▶ **EXERCISE BRIEF**:
Please reproduce every record exactly as written, leaving out the pictures.
═══ SUPPLIED MATERIAL ═══
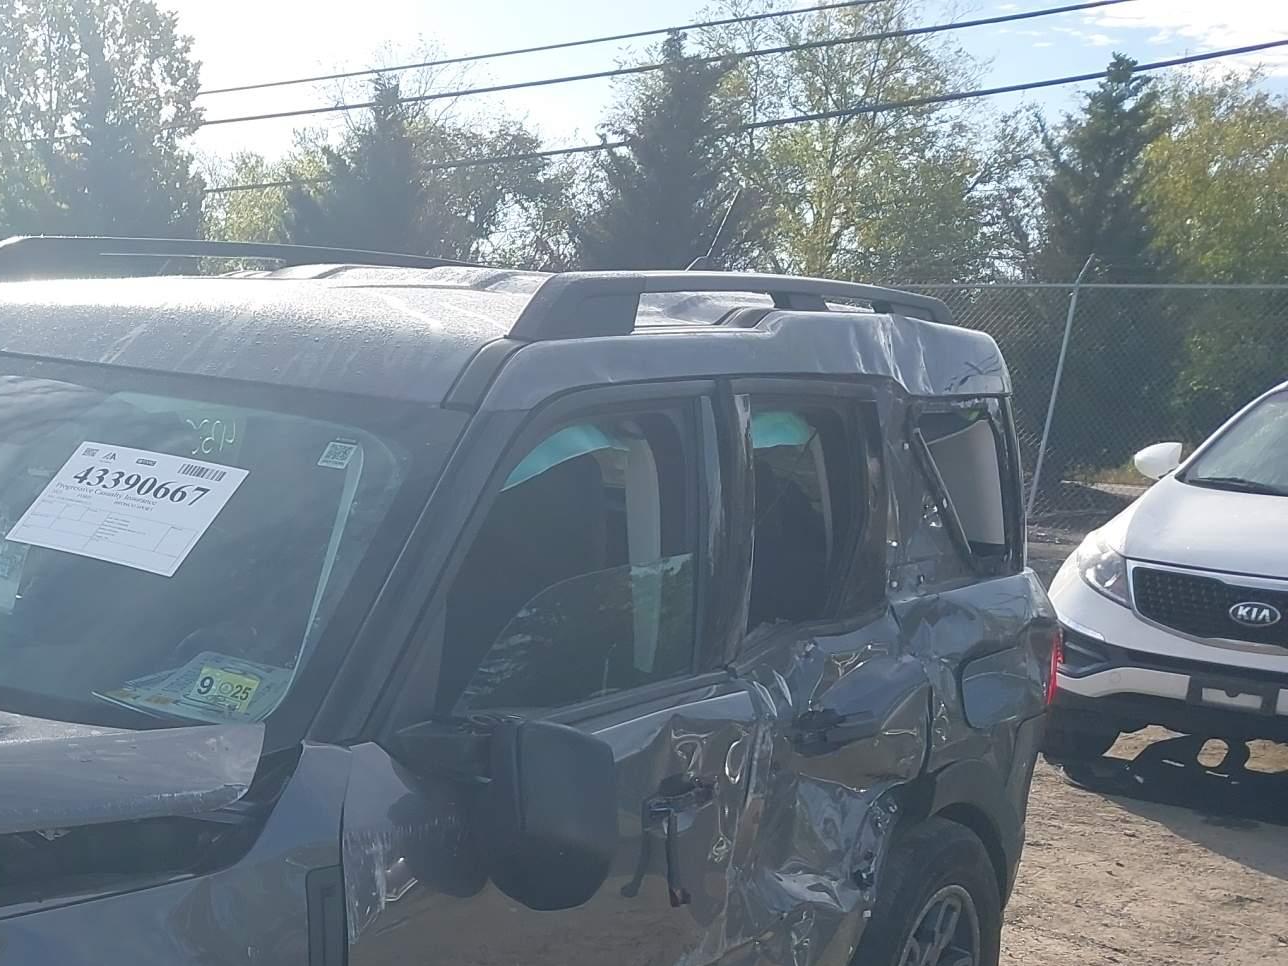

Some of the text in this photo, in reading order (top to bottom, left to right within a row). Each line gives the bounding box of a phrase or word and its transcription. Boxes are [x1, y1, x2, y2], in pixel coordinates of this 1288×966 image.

[73, 466, 211, 507] 43390667
[1237, 605, 1272, 623] KIA
[197, 676, 252, 701] 9 25
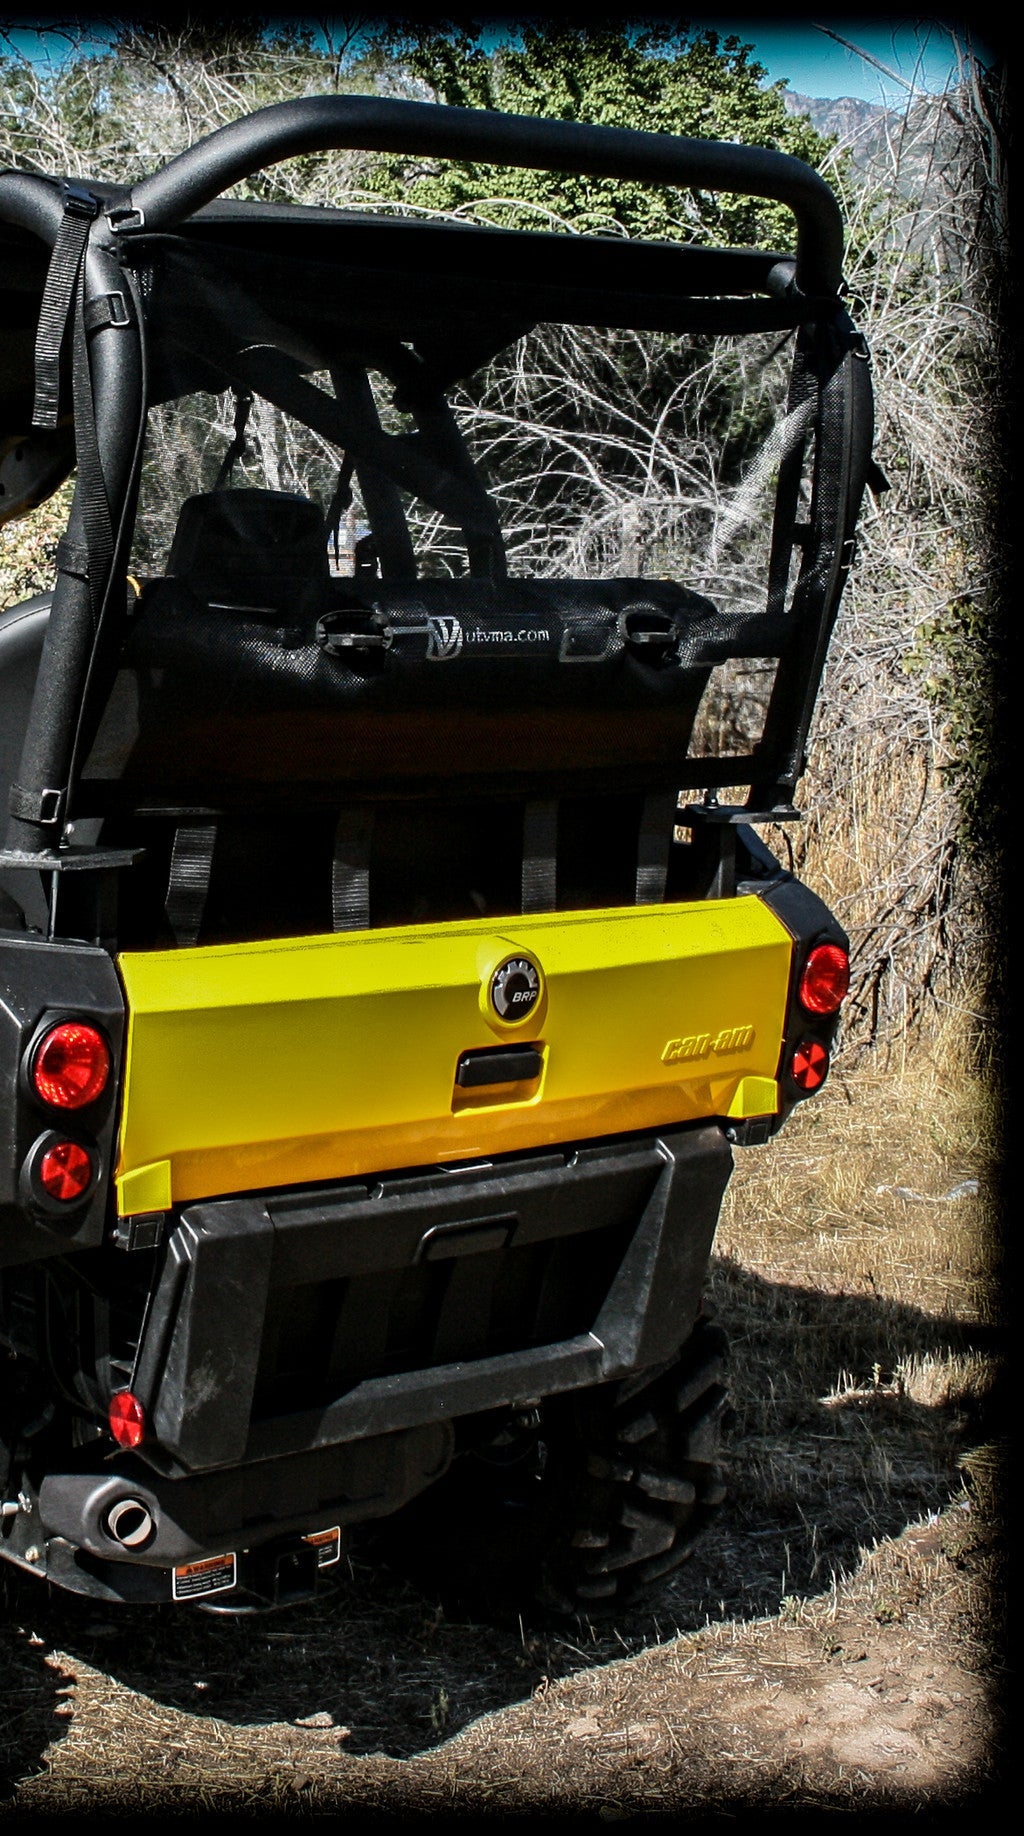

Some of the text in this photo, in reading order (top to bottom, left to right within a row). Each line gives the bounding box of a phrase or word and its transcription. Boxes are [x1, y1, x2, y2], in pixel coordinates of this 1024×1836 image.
═══
▶ **THE COMPLETED TASK**:
Some of the text in this photo, in reading order (top to bottom, left to right within a row). Each line gives the bounding box of a phrase or word and its transcription. Boxes are [x1, y1, x2, y2], in pixel coordinates of this 1288×966 image.

[73, 466, 211, 507] 43390667
[1237, 605, 1272, 623] KIA
[197, 676, 252, 701] 9 25

Some of the text in this photo, in reading order (top to bottom, left to right within a row). Each line gives the bounding box of a phrase or word and its transcription. Boxes are [x1, y1, x2, y2], in pixel coordinates of this 1024×1836 image.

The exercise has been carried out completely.